To complete this task, print all the data below exactly but leave out the images.

** Information given follows **

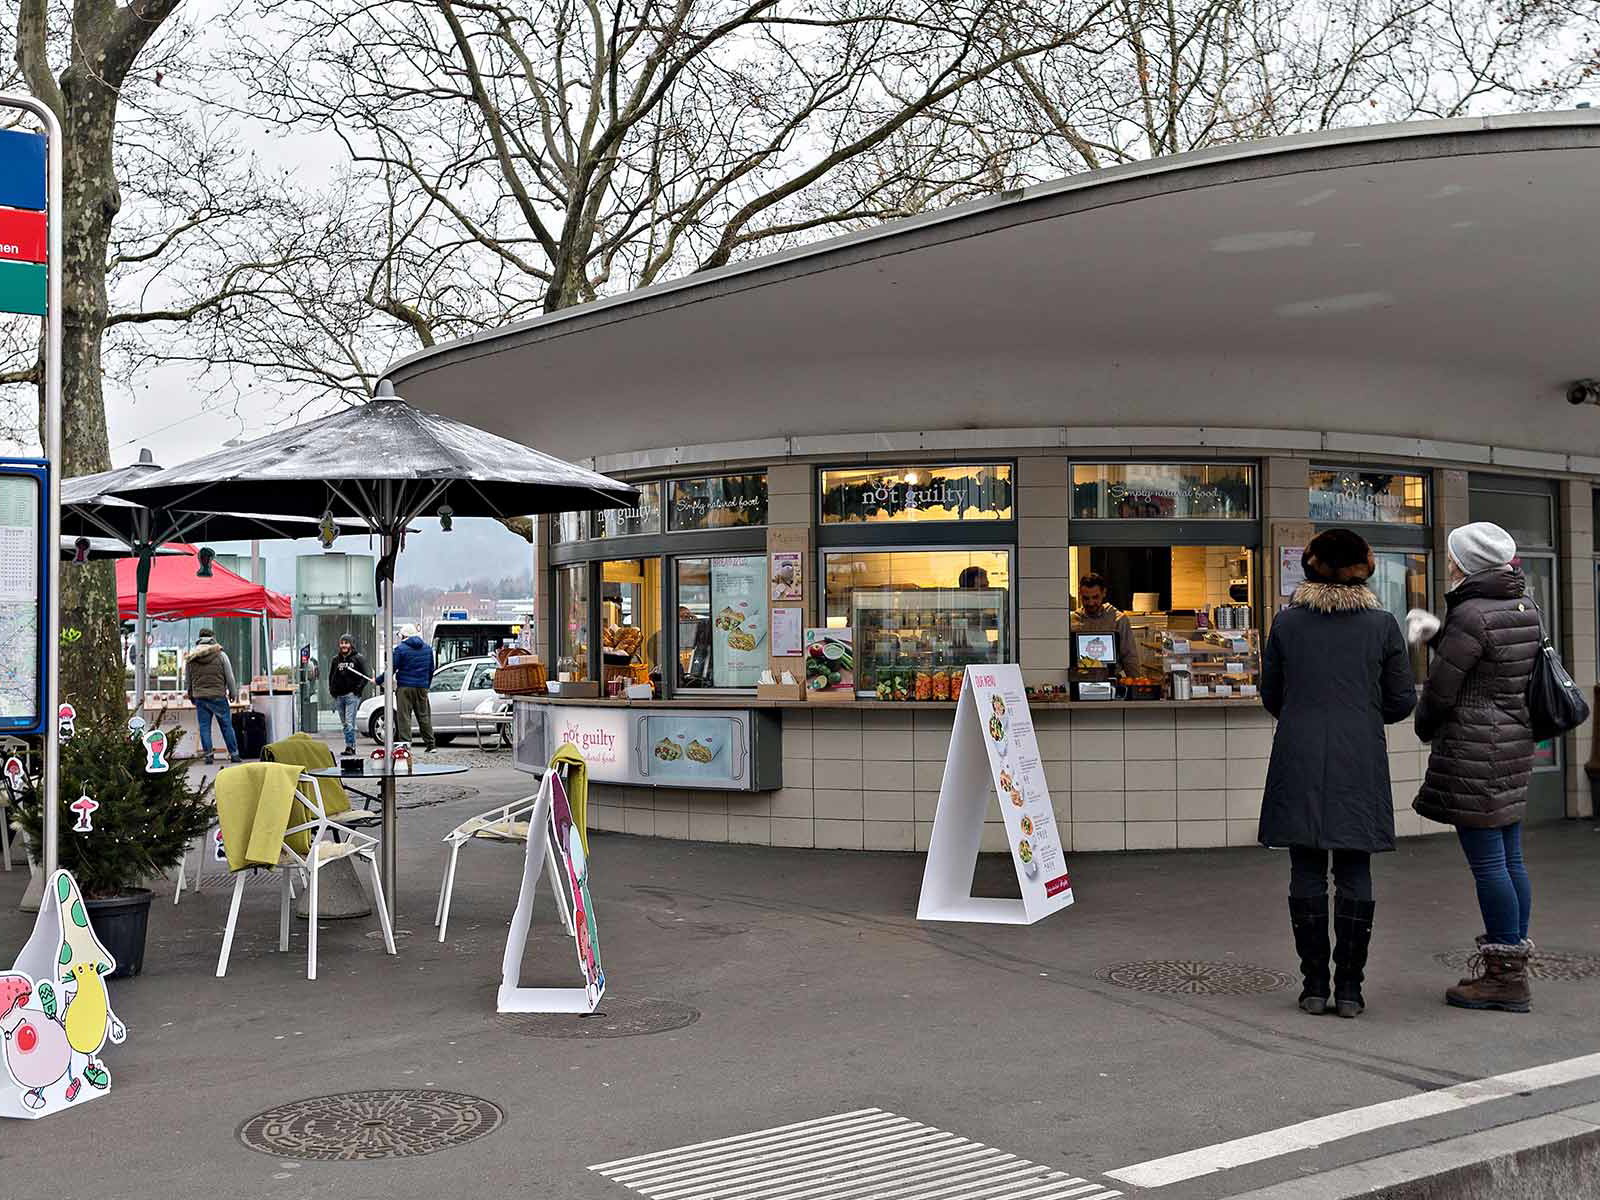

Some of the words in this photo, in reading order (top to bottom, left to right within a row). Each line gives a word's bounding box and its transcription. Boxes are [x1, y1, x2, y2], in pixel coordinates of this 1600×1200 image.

[861, 487, 899, 504] not
[904, 484, 968, 508] guilty
[1111, 485, 1153, 503] Simply
[1154, 487, 1194, 497] natural
[1194, 486, 1219, 500] food
[676, 497, 705, 515] Simply
[706, 499, 737, 509] natural
[738, 495, 760, 507] food
[563, 729, 580, 744] not
[582, 729, 616, 751] guilty
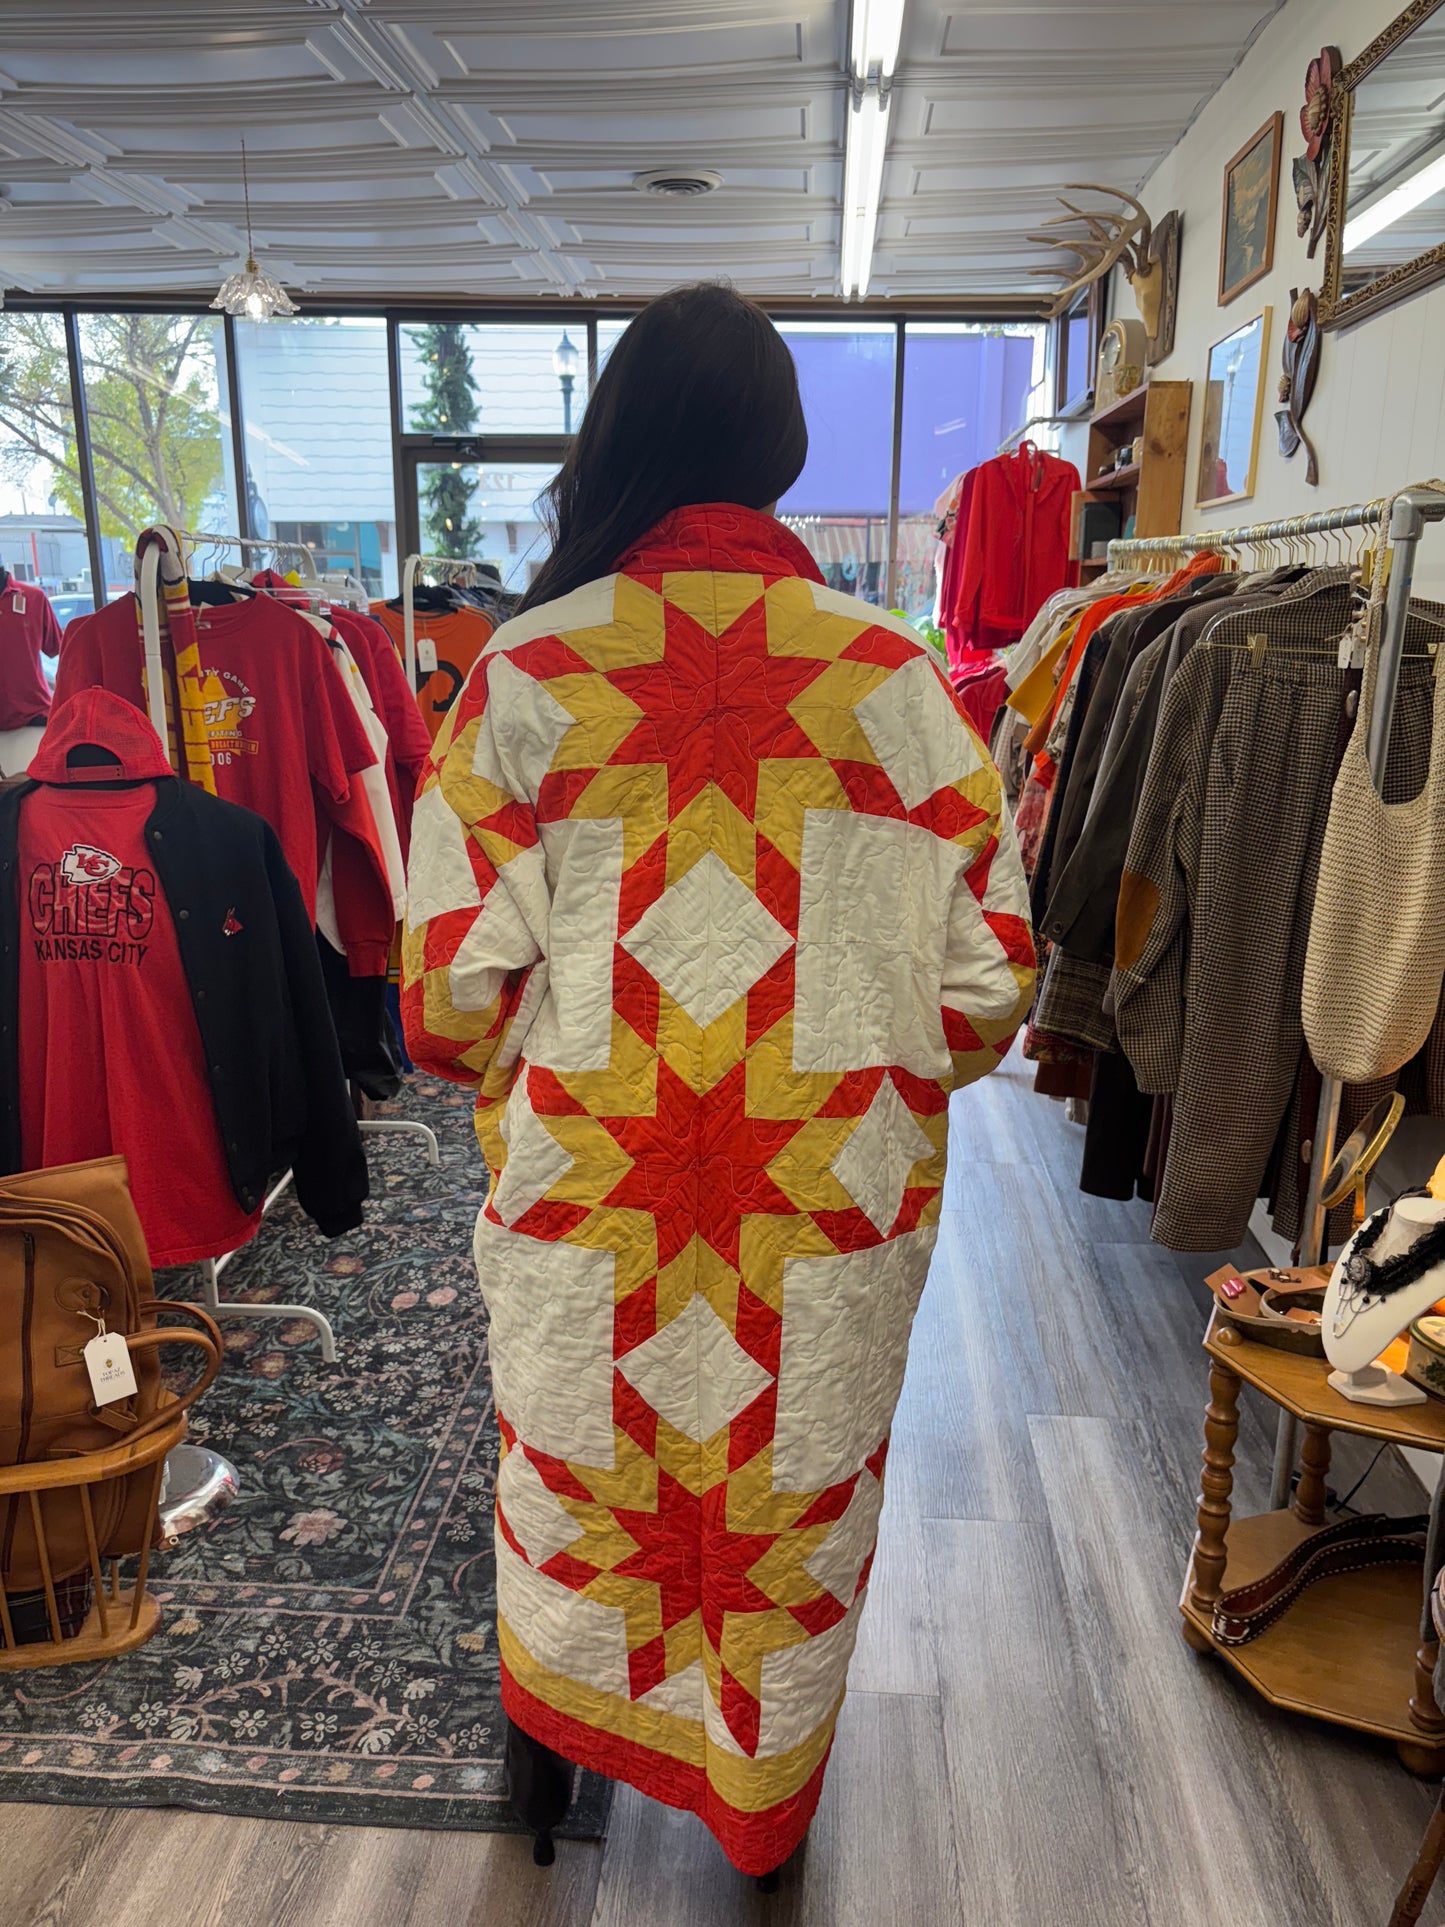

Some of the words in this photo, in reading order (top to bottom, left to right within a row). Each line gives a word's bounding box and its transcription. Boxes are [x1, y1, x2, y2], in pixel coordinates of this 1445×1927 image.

** End of Information given **

#### [Answer section]
Some of the words in this photo, in reading order (top to bottom, left to right within a row). Each line gives a word's bounding box and its transcription. Boxes are [x1, y1, x2, y2], in pixel coordinates of this 1600×1200 image.

[861, 487, 899, 504] not
[904, 484, 968, 508] guilty
[1111, 485, 1153, 503] Simply
[1154, 487, 1194, 497] natural
[1194, 486, 1219, 500] food
[676, 497, 705, 515] Simply
[706, 499, 737, 509] natural
[738, 495, 760, 507] food
[563, 729, 580, 744] not
[582, 729, 616, 751] guilty

Some of the words in this photo, in reading order (top to bottom, left to right within a row). Each line gives a word's bounding box and its transcription. Boxes are [x1, y1, x2, y2], in pixel coordinates of this 1445×1927 image.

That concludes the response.